Milan Gaff ^{a, b} and Miroslav Gašparík ^b,*

Keywords: Pressing; Shape stability; Volumetric shrinkage; Linear shrinkage; Aspen; Plastic deformations; Moisture; Moisture content

Contact information: a: Department of Furniture and Wood Products, Technical University in Zvolen, T. G. Masaryka 24, Zvolen, 96053 Slovakia; b: Department of Wood Processing, Czech University of Life Sciences in Prague, Kamýcká 1176, Praha 6 – Suchdol, 16521 Czech Republic;

* Corresponding author: gathiss@gmail.com

INTRODUCTION

Surface embossing is a method of improving wood’s surface appearance and creating decorative properties, in which the wood surface is formed using profile plates. In the case of smoothed plated pressing, the density and hardness of the wood surface increases.

For pressing, press machines are used with heated profiled plates.
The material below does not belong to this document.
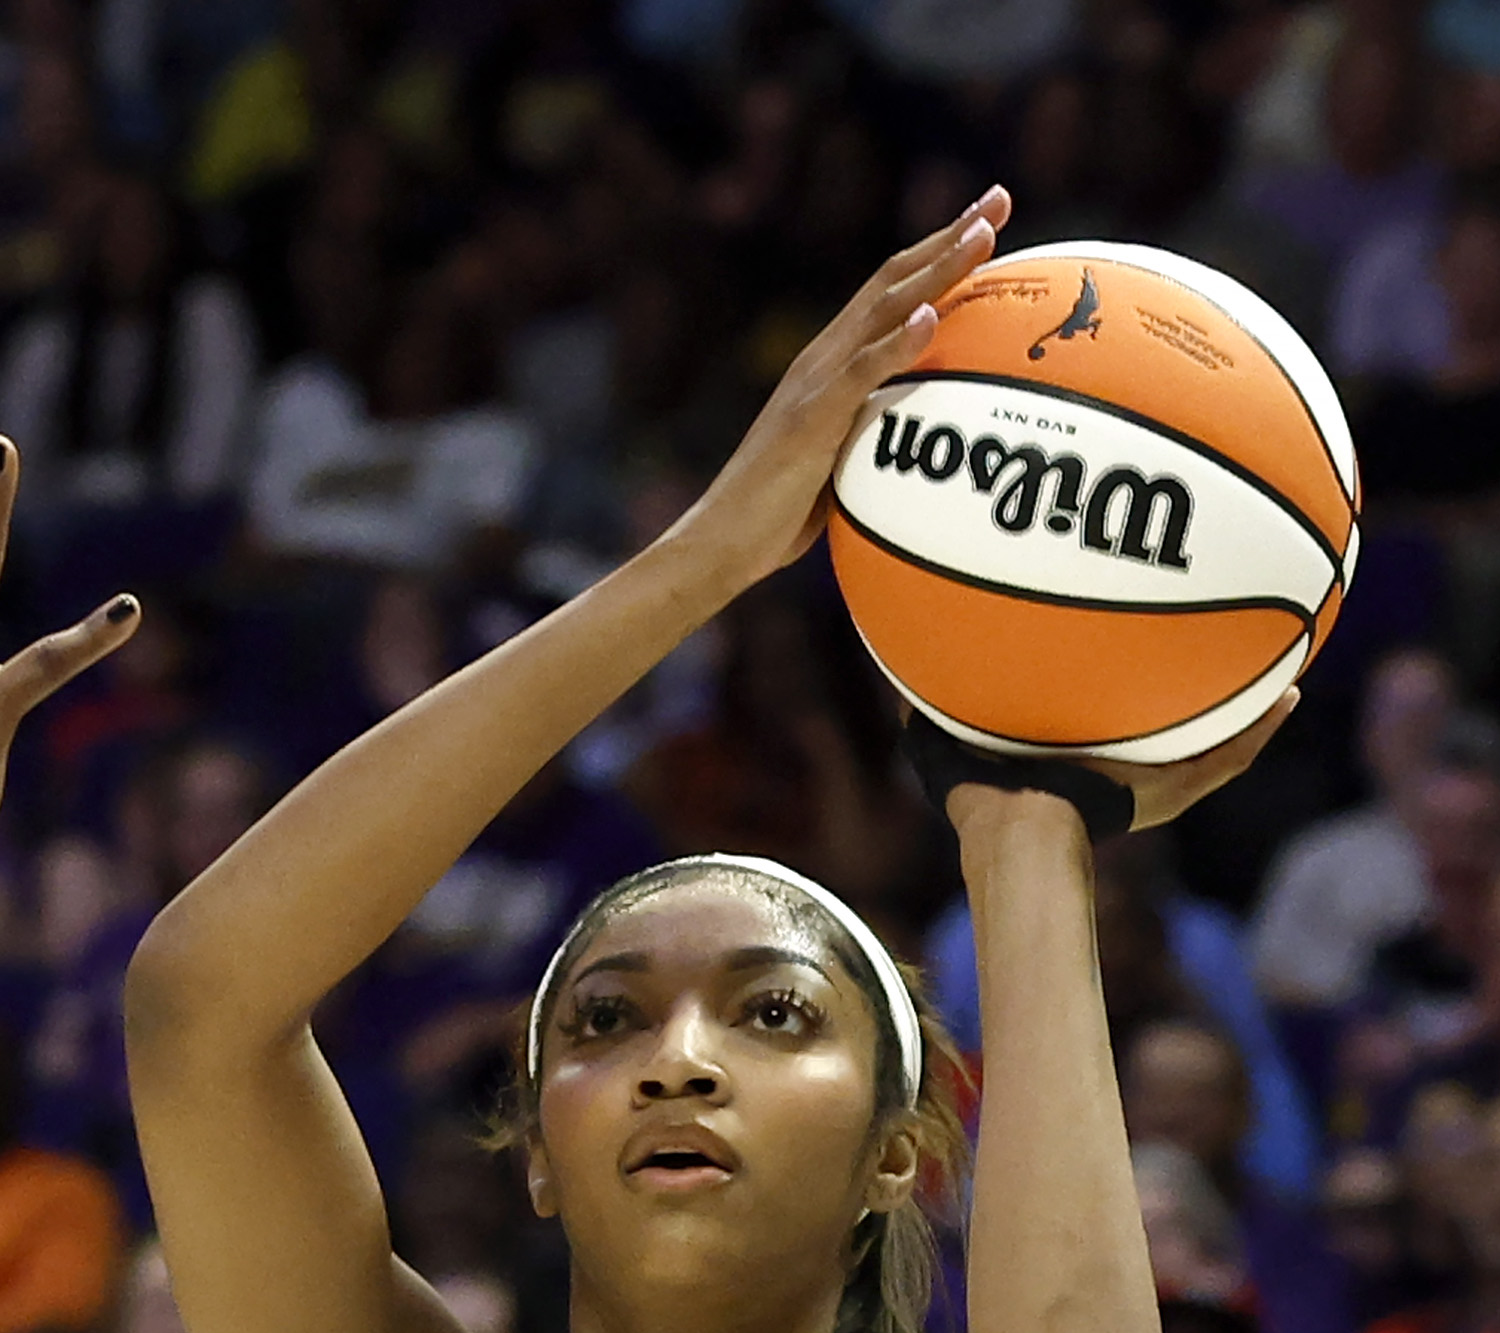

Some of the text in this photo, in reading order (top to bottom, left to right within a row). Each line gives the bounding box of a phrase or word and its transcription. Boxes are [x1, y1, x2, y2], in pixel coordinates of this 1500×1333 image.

In general the desired surface shaping is achieved by the effects of heat and pressure on untreated or treated (by plasticizing) wood, which is stabilized in the allotted time. In case of continuous pressing (by rolling), phase of stabilization under pressure is not necessary and maintaining the new shape depends on wood stability (Gáborík and Žitný 2007; Gaff and Zemiar 2008).

This research was aimed at the industrial utilization of soft deciduous trees. Aspen wood (Populus tremula L.) falls under this category. It has an inexpressive wood structure, so it is possible to improve its decorative appearance by embossing it (Zemiar and Gaff 2005).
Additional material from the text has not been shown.